Claudio Stampi, an Italian sleep researcher, has explored tales—some probably apocryphal—of famous personages who existed solely on sleep stolen during naps. Thomas Edison, for instance, was an incurable nighttime insomniac who worked incessantly to accrue patents, including the one he's chiefly known for, which badly aggravated his own condition. Instead of sleeping eight hours a night, which he considered a "deplorable regression to the primitive state of the cave-man," Edison got by with frequent naps. Leonardo da Vinci is said to have slept for fifteen minutes or so every four hours, for a daily total of less than two hours' sleep. By so doing, he may have gained twenty years of bonus work time during his sixty-seven years of life.
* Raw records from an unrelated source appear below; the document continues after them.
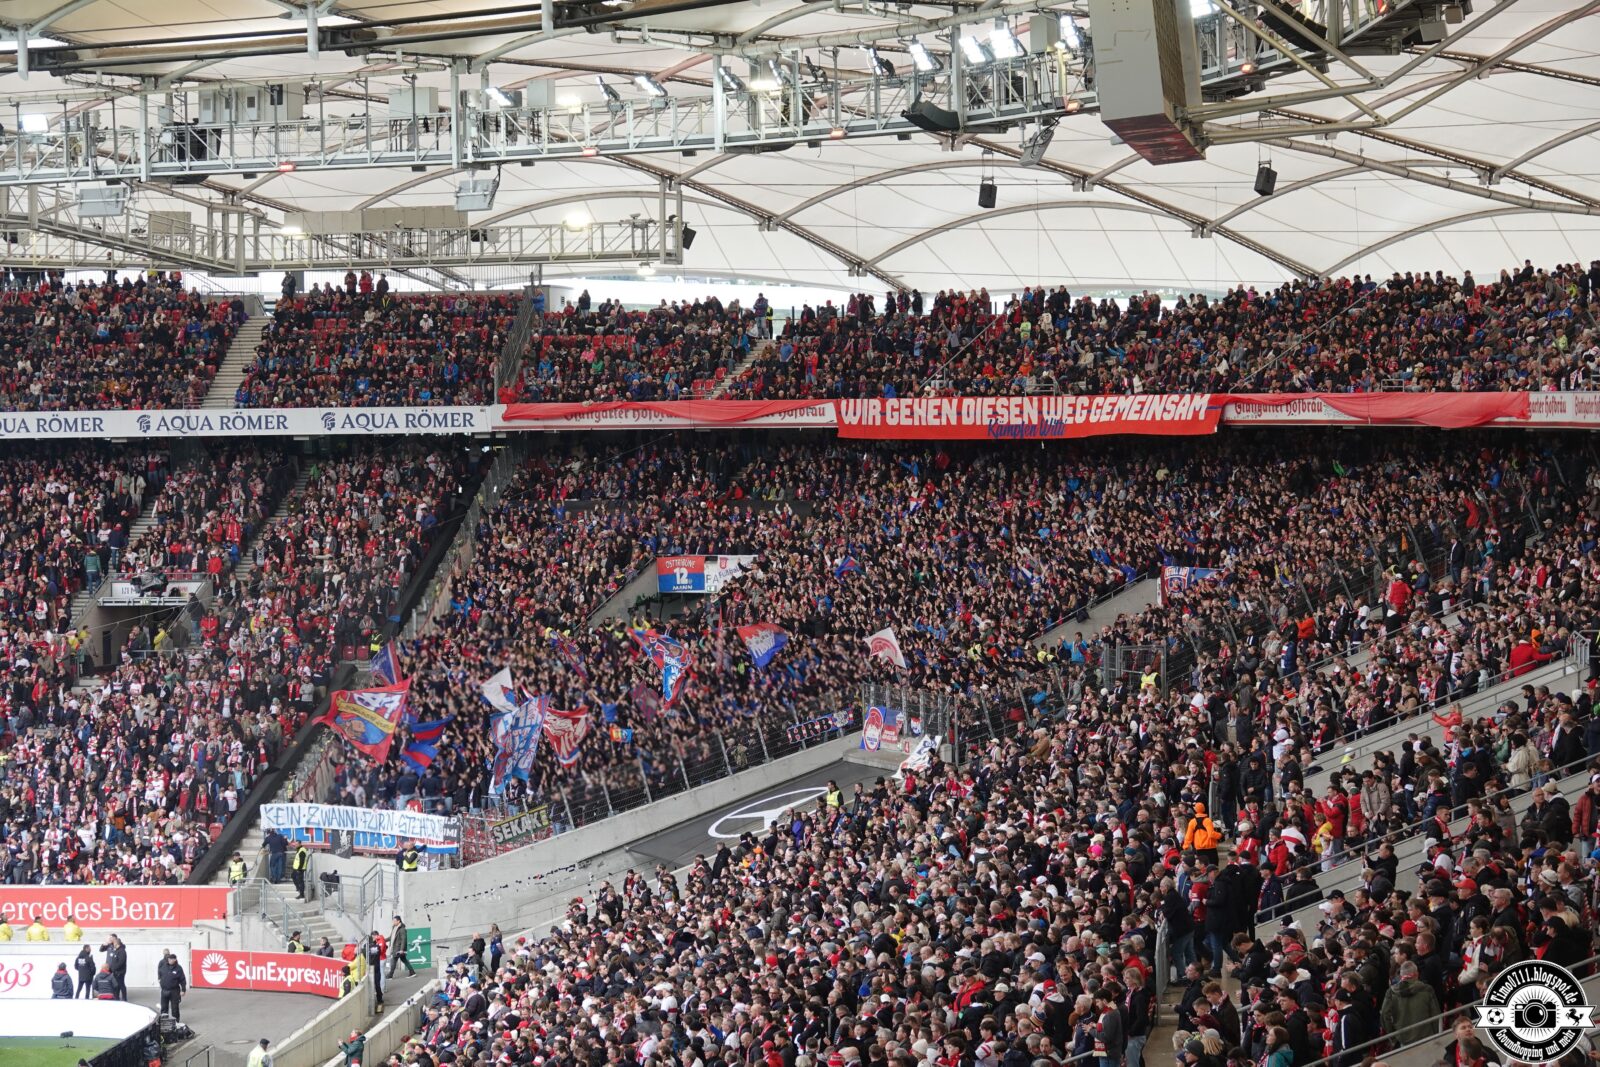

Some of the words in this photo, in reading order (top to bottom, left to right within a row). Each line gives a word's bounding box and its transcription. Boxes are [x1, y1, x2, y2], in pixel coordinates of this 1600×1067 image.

[340, 412, 399, 432] AQUA
[405, 408, 475, 428] RÖMER
[840, 398, 881, 426] WIR
[886, 397, 958, 426] GEHEN
[961, 397, 1039, 425] DIESEN
[1042, 396, 1089, 424] WEG
[1089, 393, 1211, 423] GEMEINSAM
[0, 418, 31, 437] UA
[36, 413, 105, 433] RÖMER
[156, 415, 214, 434] AQUA
[219, 411, 289, 431] RÖMER
[264, 805, 300, 826] KEIN
[306, 806, 358, 829] ZWANNI
[0, 896, 175, 921] ercedes-Benz
[235, 960, 320, 987] SunExpress
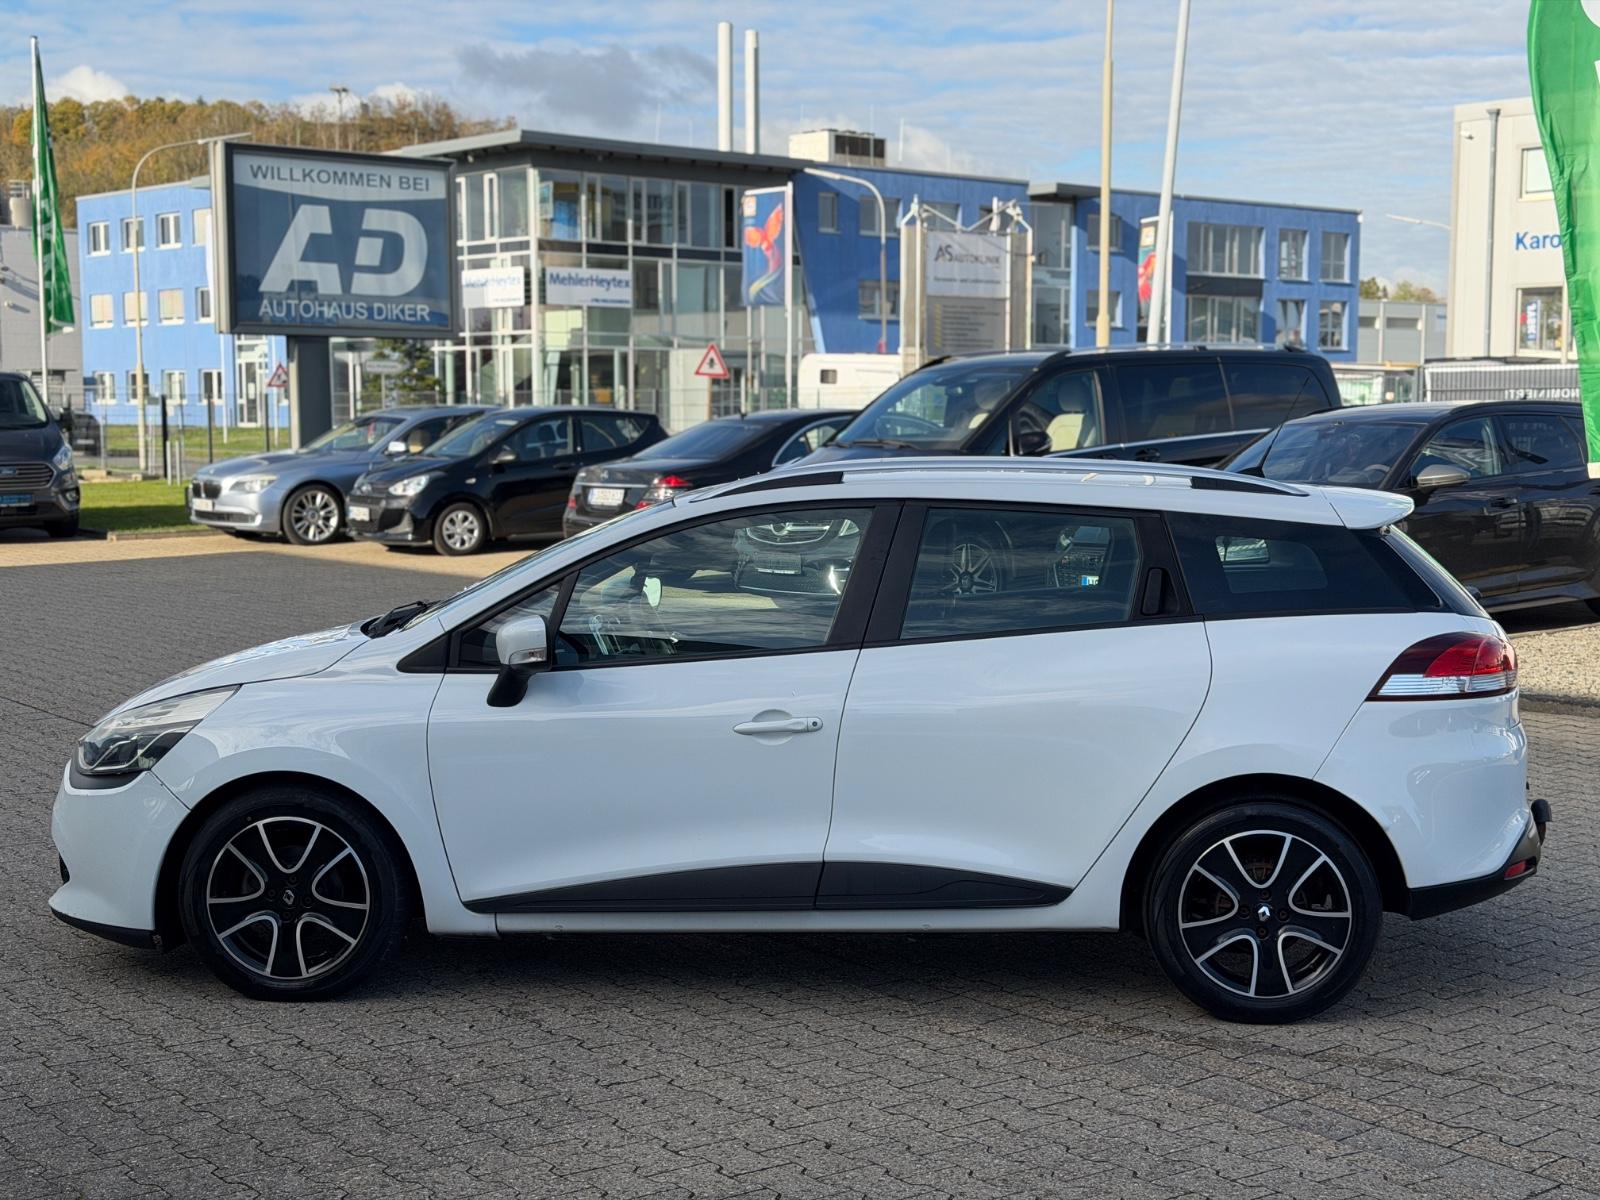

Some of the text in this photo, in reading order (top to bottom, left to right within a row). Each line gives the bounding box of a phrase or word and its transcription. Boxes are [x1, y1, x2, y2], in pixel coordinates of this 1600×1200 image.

[250, 164, 430, 192] WILLKOMMEN BEI
[258, 204, 429, 297] AD
[549, 272, 630, 292] MehlerHeytex
[258, 299, 431, 321] AUTOHAUS DIKER
It may not feel as if naps have a reviving effect; sleep inertia from a nap often leaves one feeling groggy. But we're generally not good judges of our own restedness. As the pioneering sleep researcher William Dement points out, study after study demonstrates that naps enhance alertness, mood, vigilance, and productivity in the later hours of the day, particularly for night-shift workers and for those forced to work for long periods.

According to Dement, important findings emerged when researchers at
NASA
tested the effects of napping on pilots flying long distances across the Pacific at night. During such long-haul flights, the reaction times of cockpit crews typically plummet, and pilots frequently fall into "microsleeps," brief episodes of sleep 3 to 10 seconds long. In the
NASA
study, some crews were directed to rest for 40 minutes during transoceanic flights, netting an average of about 26 minutes of sleep. A control group of cockpit staff on similar flights got no rest. On the no-rest flights, crews experienced a combined total of 120 microsleeps during the last one and a half hours of the flights, including 22 in the final half hour, when the plane was descending to land. The napping flight crews experienced only 34 microsleeps in the same period, and none in the last half hour. Their reaction time, vigilance, and alertness also improved.